There are a few considerations while choosing the size of your fishing line. Is it to go with the recommended pound test that comes along with your reel rating or should you go heavier or lighter? Experts normally suggest going with the lightest line you can get away with. The lightest line possible however totally depends on the species of fish you are fishing for. The area that you fish in and the water that the fish are in also have a role to play.
Bass anglers generally use 8- to 12-pound fishing line. If you are in an area where the bass fish you expect to catch are lighter than average, you can drop to a 6-pound line. You can go higher to around 15 to 18 pounds if extremely large bass fish are anticipated. It is sensible to start in the average range unless you know for sure that you can survive with a lighter line.
Where are You Fishing?
The location where you decide to fish also plays a factor in line. Are you going to fish for bass in covered waters or in small open ponds? This has an impact and different types of waters require different test line sizes. In order to fish in water with a high abrasive cover, with lots of moss for example, consider adding a few pounds to the size. Meanwhile, if you’re fishing for bass in open waters, you can drop a few pounds.
Though you do not need to change the size drastically based on the area, it might still be valuable to optimize the size according to the location. Conventional wisdom also says that you should use light lines in clear waters so that the fish wouldn’t be able to see it. That used to be true but with fluorocarbon lines, that is not a problem as visibility is already quite less.
Best Size for Beginners
If you are a beginner, you might just want to spend the day chilling on the water, catching some bass. To actually catch some bass, it is recommended you go with 10 pounds if you have a monofilament fishing line. This should be enough to pull out some average-sized bass.
Best Size for Tournaments
If you plan to fish in a tournament, it is recommended to opt for the highest possible test line. This is in order to fulfill the ultimate goal of catching larger bass. However, you should consider that tournaments have strict rules so make sure you are not breaking the one that relates to line size.

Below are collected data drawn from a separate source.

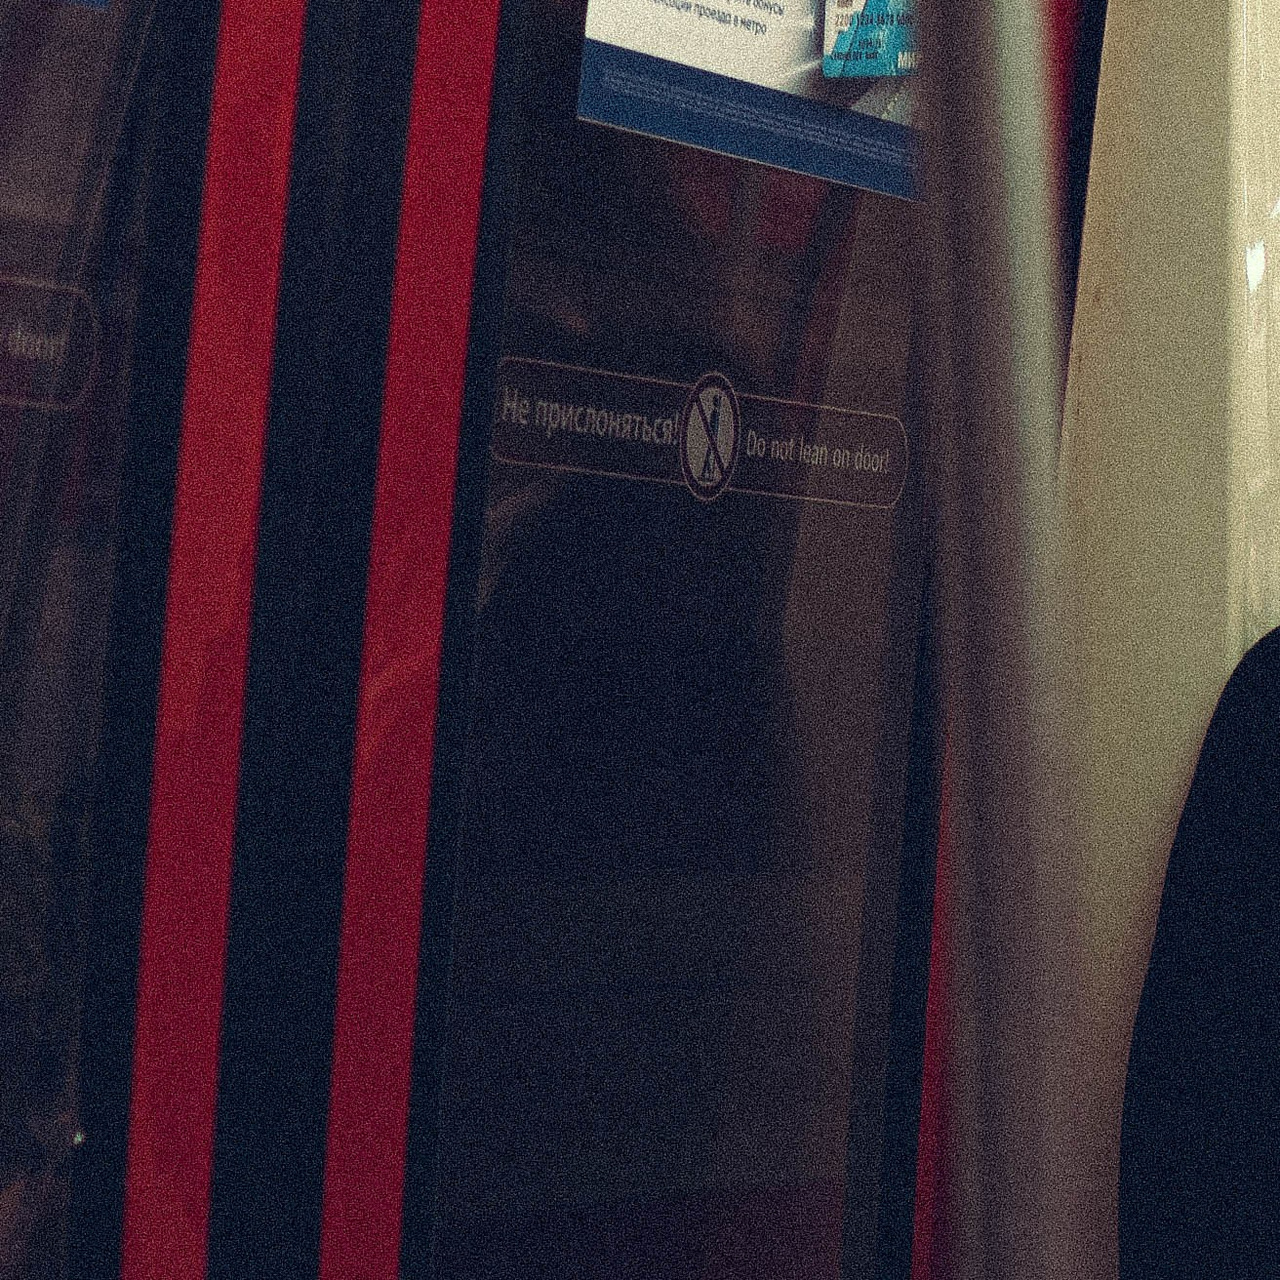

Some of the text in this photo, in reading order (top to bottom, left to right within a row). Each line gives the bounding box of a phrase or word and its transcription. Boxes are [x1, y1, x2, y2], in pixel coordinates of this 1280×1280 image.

[694, 3, 732, 25] проезда
[740, 17, 768, 36] метро
[502, 385, 679, 446] Не прислоняться!
[746, 429, 767, 458] Do
[770, 437, 795, 462] not
[800, 435, 829, 466] lean
[832, 448, 851, 469] on

For tournaments, you are also recommended to go with a braid line for best results. Many seasoned anglers are normally seen casting with up to 65-pound braid lines in tournaments.
Best Line for Casting Distance
Casting distance and light fishing lines go hand-in-hand. As casting is about going as far as possible, light lines do well to support your throw. Line manufacturers often suggest a particular line size on the label for maximum distance. Going with this number is a good idea as it is derived from research and tests.
If you want higher casting distance, you can always go lighter but remember that lighter lines are weaker in strength. You need to balance out distance and strength according to your own fishing needs. A braided line can provide high strength and long distance at the same time which makes it a great option.
The size of the test line depends on your purpose but isn’t too difficult to choose as the factors are quite limited. With some experience, you are likely to get an instinctive sense about what size suits your bass fishing conditions the best.